Although bonds have become popular the past two years, our wealth managers advise investors not to put their money into long-term bonds because we believe investors could be hurt significantly if rates increase.
“It is our opinion that bond investors will be the next group of investors to get hurt,” said Dave Young, President and founder of Paragon. “In the 2000 bear market, stock investors got crushed. Then, many of those same investors moved to real estate for protection and got beaten up again in 2008. Treasury bonds performed well the entire time. As a result, since the beginning of 2009, investors have put a net $620 billion into bond funds while they have withdrawn $100 billion from stock funds. This has pushed rates to all time lows.”
Our portfolio managers claim that the current quantitative easing by the Fed may temporarily slow down increasing rates, but it won’t stop them.
“Many bonds do not have near enough return to compensate for their downside risk,” said Nathan White, Paragon’s Chief Investment Officer. “With interest rates so low, we believe that investors will not find the safety or the returns they seek in most bonds.”
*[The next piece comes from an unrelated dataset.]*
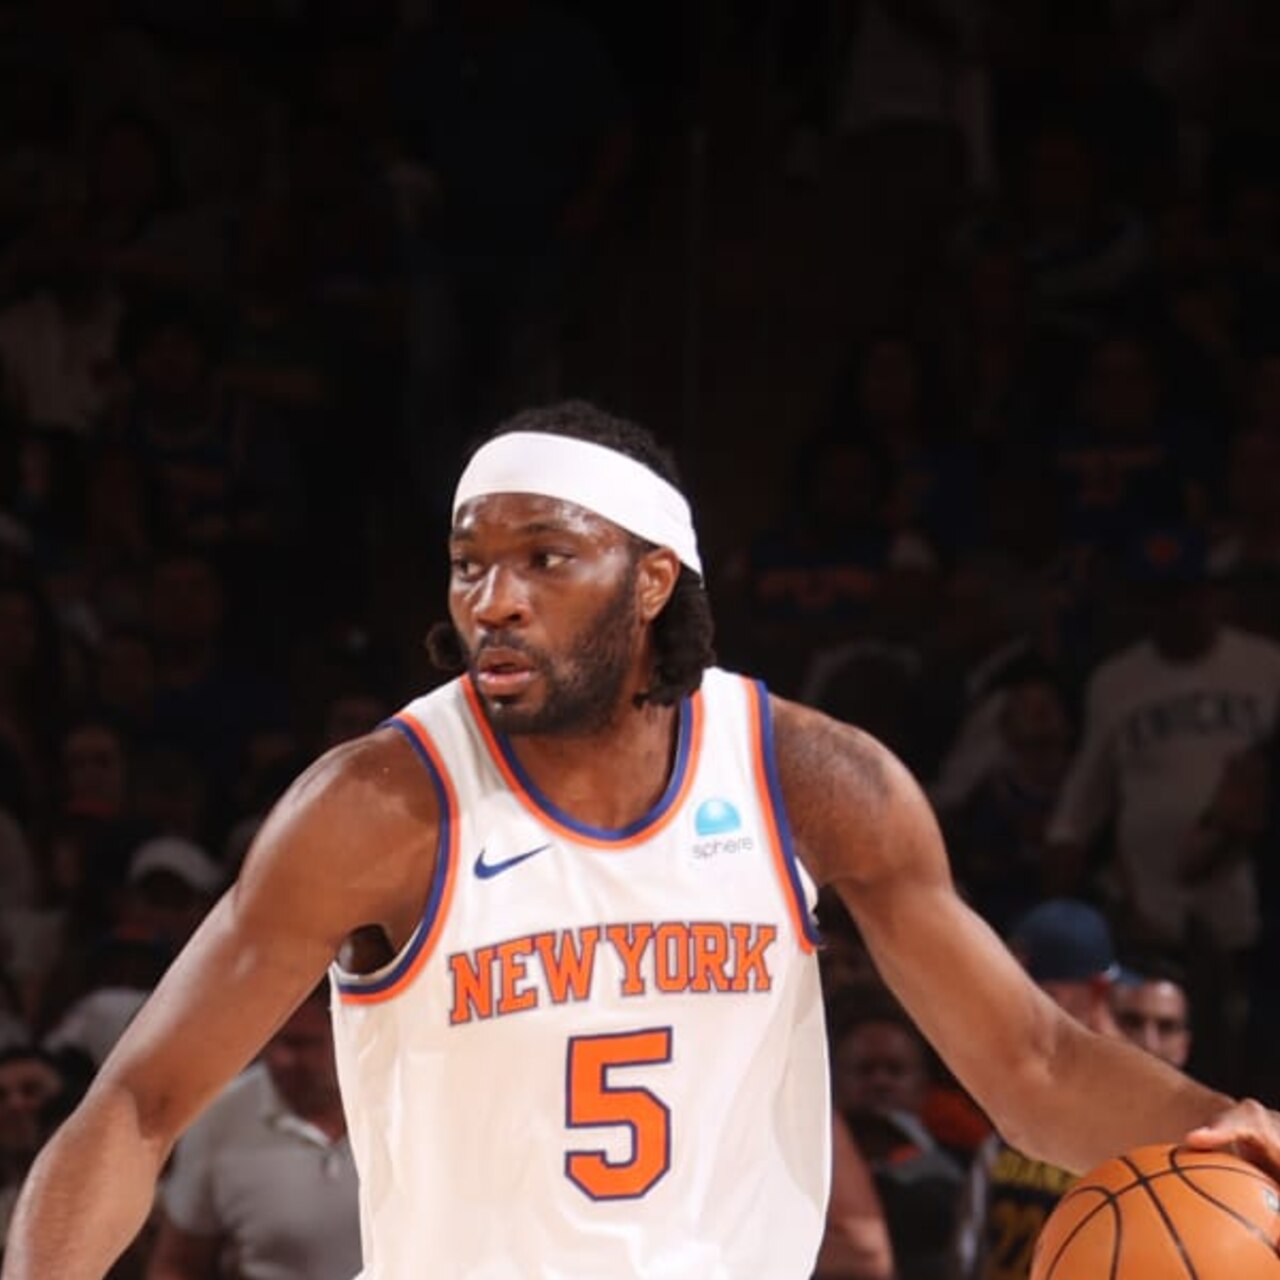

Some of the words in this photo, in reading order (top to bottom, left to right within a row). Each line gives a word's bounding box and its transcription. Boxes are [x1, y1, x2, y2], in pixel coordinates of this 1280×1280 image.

Nathan said bonds have been in a 30-year bull market, which lulled investors into a false sense of security.
“Going forward, the returns that people will likely see in bonds will be very low at best or sharply negative at worst,” said Nathan. “Unfortunately for bond investors, we believe it could be the negative scenario.”
We advise investors to be aware of the maturities and quality of their bond holdings. We encourage investors to consider shortening the maturity of their bonds and adding high quality dividend stocks as an alternative.